FraternityFund Ltd. v. Beacon Hill Asset Management, LLC, 376 F.Supp.2d 385 (S.D.N.Y. 2005); Bullmore et al. v. Ernst & Young et al. 861 N.Y.S.2d 578. Successfully defended Ernst & Young Cayman Islands in hedge fund securities litigation claims by fund investors in federal action, where claims were dismissed. Successfully defended parallel action in New York State Court, where claims asserted by Cayman liquidators were dismissed on summary judgment, and recovered substantial reimbursement of legal fees and costs from the liquidator through an indemnification claim.
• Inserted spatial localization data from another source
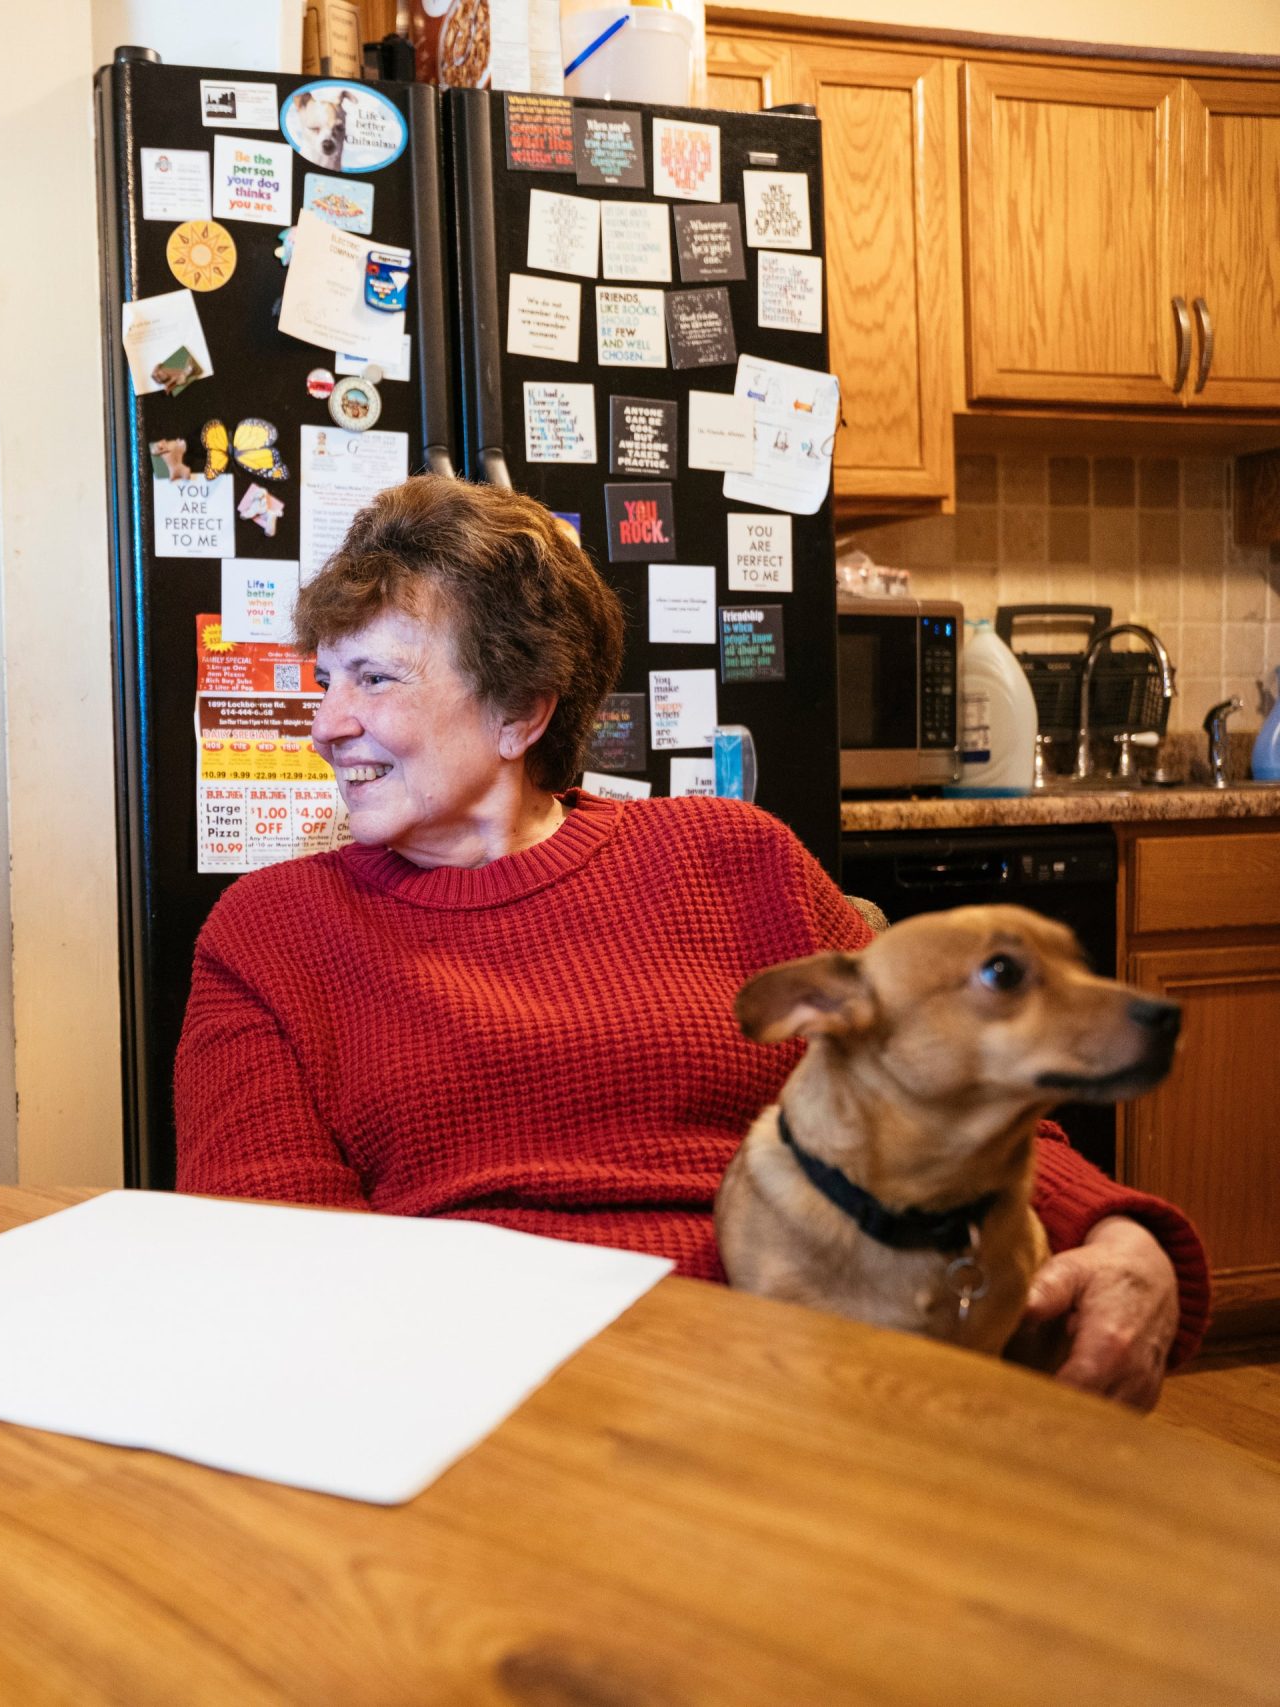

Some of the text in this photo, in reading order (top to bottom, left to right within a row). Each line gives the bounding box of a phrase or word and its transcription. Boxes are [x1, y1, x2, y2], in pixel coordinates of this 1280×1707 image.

[356, 120, 386, 132] better
[234, 151, 273, 166] Be the
[233, 164, 275, 177] person
[227, 175, 280, 192] your dog
[235, 187, 271, 201] thinks
[228, 198, 277, 212] you are.
[600, 291, 641, 305] FRIENDS,
[600, 304, 619, 314] LIKE
[615, 328, 636, 337] FEW
[601, 339, 651, 350] AND WELL
[624, 406, 664, 418] ANYONE
[625, 415, 646, 424] CAN
[619, 440, 669, 452] AWESOME
[617, 457, 670, 469] PRACTICE.
[177, 485, 210, 498] YOU
[181, 502, 207, 514] ARE
[624, 500, 658, 522] YOU
[165, 518, 223, 531] PERFECT
[619, 520, 670, 544] ROCK.
[746, 525, 773, 537] YOU
[172, 534, 218, 547] TO ME
[749, 541, 771, 552] ARE
[737, 555, 783, 567] PERFECT
[742, 570, 779, 582] TO ME
[247, 580, 275, 589] Life is
[246, 589, 275, 598] better
[247, 607, 275, 616] you're
[732, 623, 754, 633] when
[226, 656, 253, 664] SPECIAL
[654, 685, 680, 693] make
[274, 701, 286, 709] Rd.
[655, 710, 680, 718] when
[655, 728, 670, 736] are
[685, 788, 708, 796] never
[206, 803, 241, 814] Large
[251, 807, 288, 819] $1.00
[296, 807, 333, 819] $4.00
[206, 816, 242, 825] 1-Item
[208, 828, 240, 838] Pizza
[255, 822, 283, 834] OFF
[301, 822, 327, 834] OFF
[205, 843, 243, 853] $10.99
Cromer Finance, Ltd. v. Berger, 137 F.Supp. 2d 452 (S.D.N.Y. 2001). Lead counsel for Ernst & Young International. Successfully obtained dismissal of all claims by hedge fund purchasers against EYI.
Semi-Tech Litigation LLC v. Ting, et al., No. 604664/02 (N.Y.S. Sup. Ct.). Lead counsel to Ernst & Young International in action by note holders claiming US$800 million loss.
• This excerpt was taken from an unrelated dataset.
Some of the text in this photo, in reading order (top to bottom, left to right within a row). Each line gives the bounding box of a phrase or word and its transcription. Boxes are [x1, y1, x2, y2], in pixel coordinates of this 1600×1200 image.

Amorim v. Allen et al., Sup. Ct. Nassau County, aff’d 2d Dept.; and Patrick v. Allen et al., (E.D.N.Y.). Lead counsel to defendant Board members against shareholder claims of breach of duty and waste. New York State action dismissed, and dismissal affirmed; federal case resolved on terms very favorable to the Board.
Sniado v. Bank of Austria et al., 174 F. Supp. 2d 159 (S.D.N.Y. 2001); 02-77012; 378 F.3d 210 (2nd Cir. 2004). Successful defense of Banca Intesa on claim of antitrust violation for alleged fixing of exchange rates in Italy. Certiorari granted, and dismissal affirmed by U.S. Supreme Court pursuant to ruling in F. Hoffmann-La Roche Ltd. v. Empagran S.A., 542 U.S. 155 (2004).
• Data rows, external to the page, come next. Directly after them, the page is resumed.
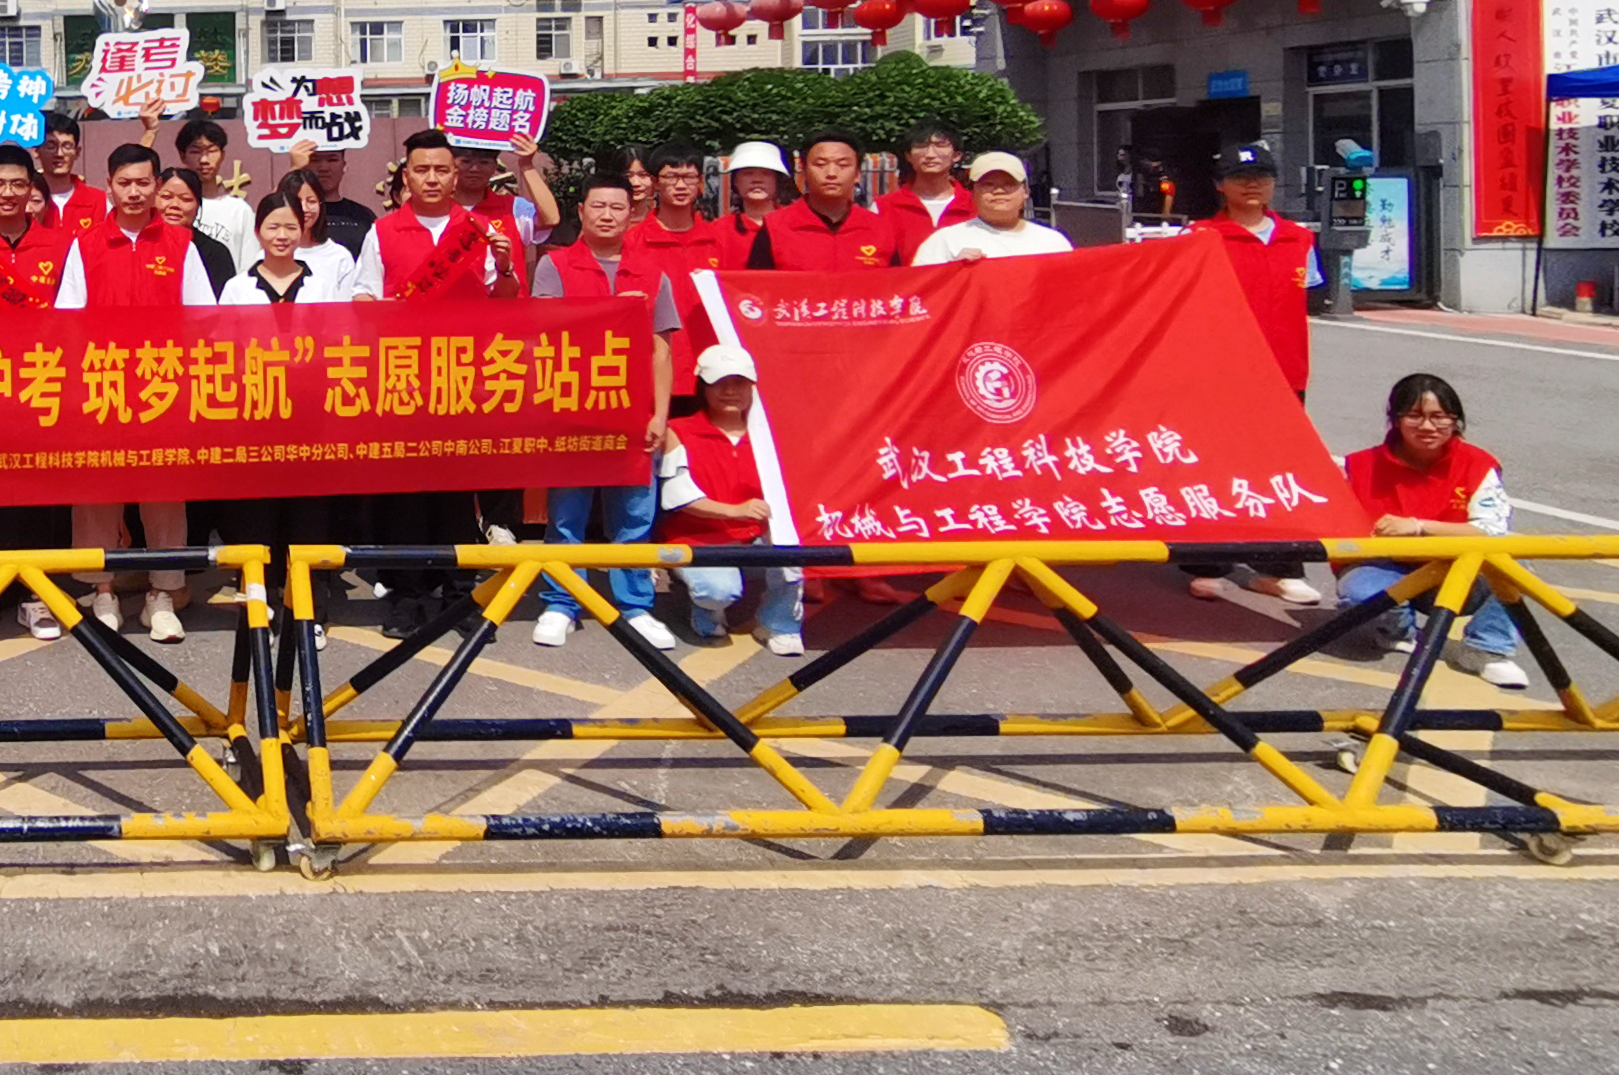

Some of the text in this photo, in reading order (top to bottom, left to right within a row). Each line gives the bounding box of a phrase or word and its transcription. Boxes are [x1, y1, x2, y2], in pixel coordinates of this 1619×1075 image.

[98, 36, 182, 75] 逢考
[112, 69, 197, 107] 必过
[446, 81, 537, 112] 扬帆起航
[443, 104, 533, 134] 金榜题名
[875, 424, 1200, 490] 武汉工程科技学院
[814, 472, 1330, 542] 机械与工程学院志愿服务队
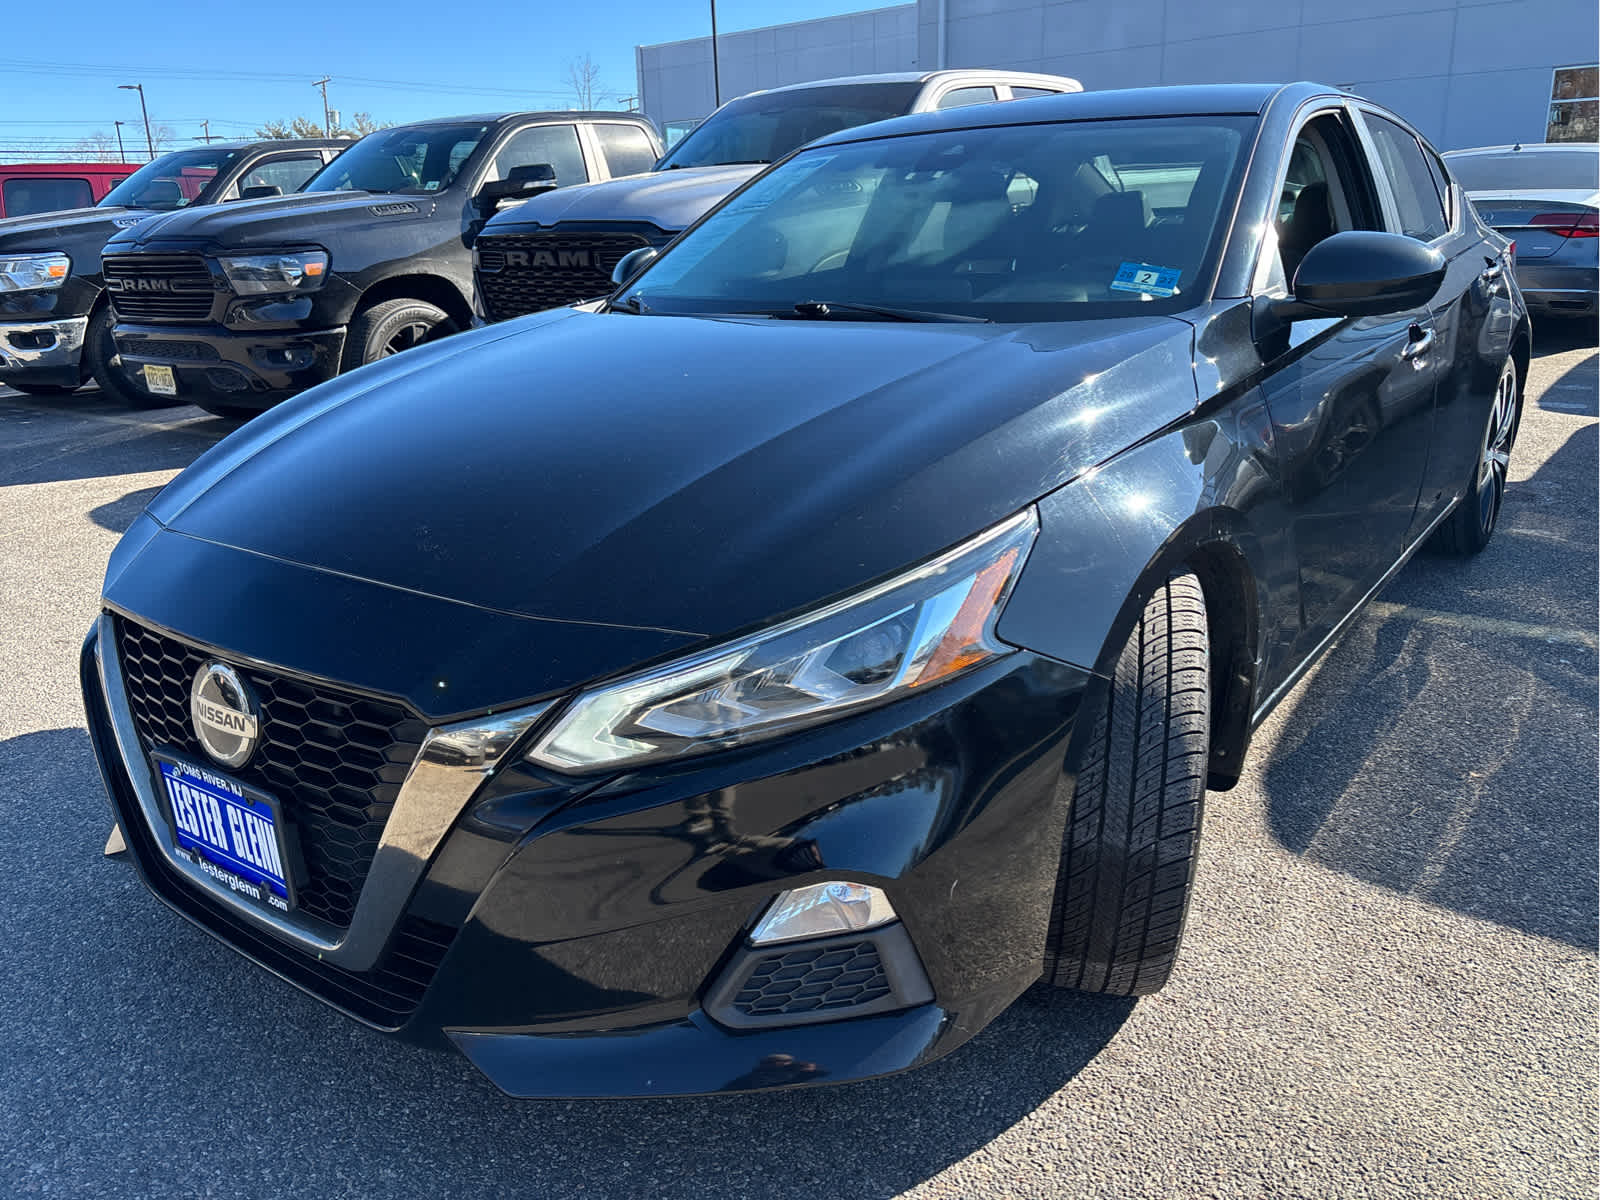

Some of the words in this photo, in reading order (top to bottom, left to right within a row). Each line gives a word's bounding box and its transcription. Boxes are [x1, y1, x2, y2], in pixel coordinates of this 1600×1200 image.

[505, 250, 591, 267] RAM
[123, 279, 170, 290] RAM
[1140, 273, 1152, 284] 2
[197, 702, 246, 732] NISSAN
[177, 761, 201, 780] TOMS
[230, 782, 242, 797] NJ
[165, 776, 230, 851] LESTER
[226, 803, 285, 880] GLENN
[198, 857, 261, 899] lesterglenn
KPMG Italy. Successfully defended the Italian member firm of KPMG in connection with the efforts of U.S. plaintiffs to obtain documents and testimony from the Italian firm in a malpractice action against KPMG LLP. We were successful in defeating claims of U.S. jurisdiction over the Italian firm, and limited discovery to that which Italy recognizes under its law – which was very limited. Bontex, Inc. v. KPMG LLP, Case No. CL 04000017-0 (Buena Vista, Va.)
NYSE Euronext. On behalf of client, submitted amicus curiae brief in Morrison v. National Australia Bank Ltd., urging adoption of the bright-line transactional test which the Supreme Court enunciated in its June 2010 opinion 130 S.Ct. 2869.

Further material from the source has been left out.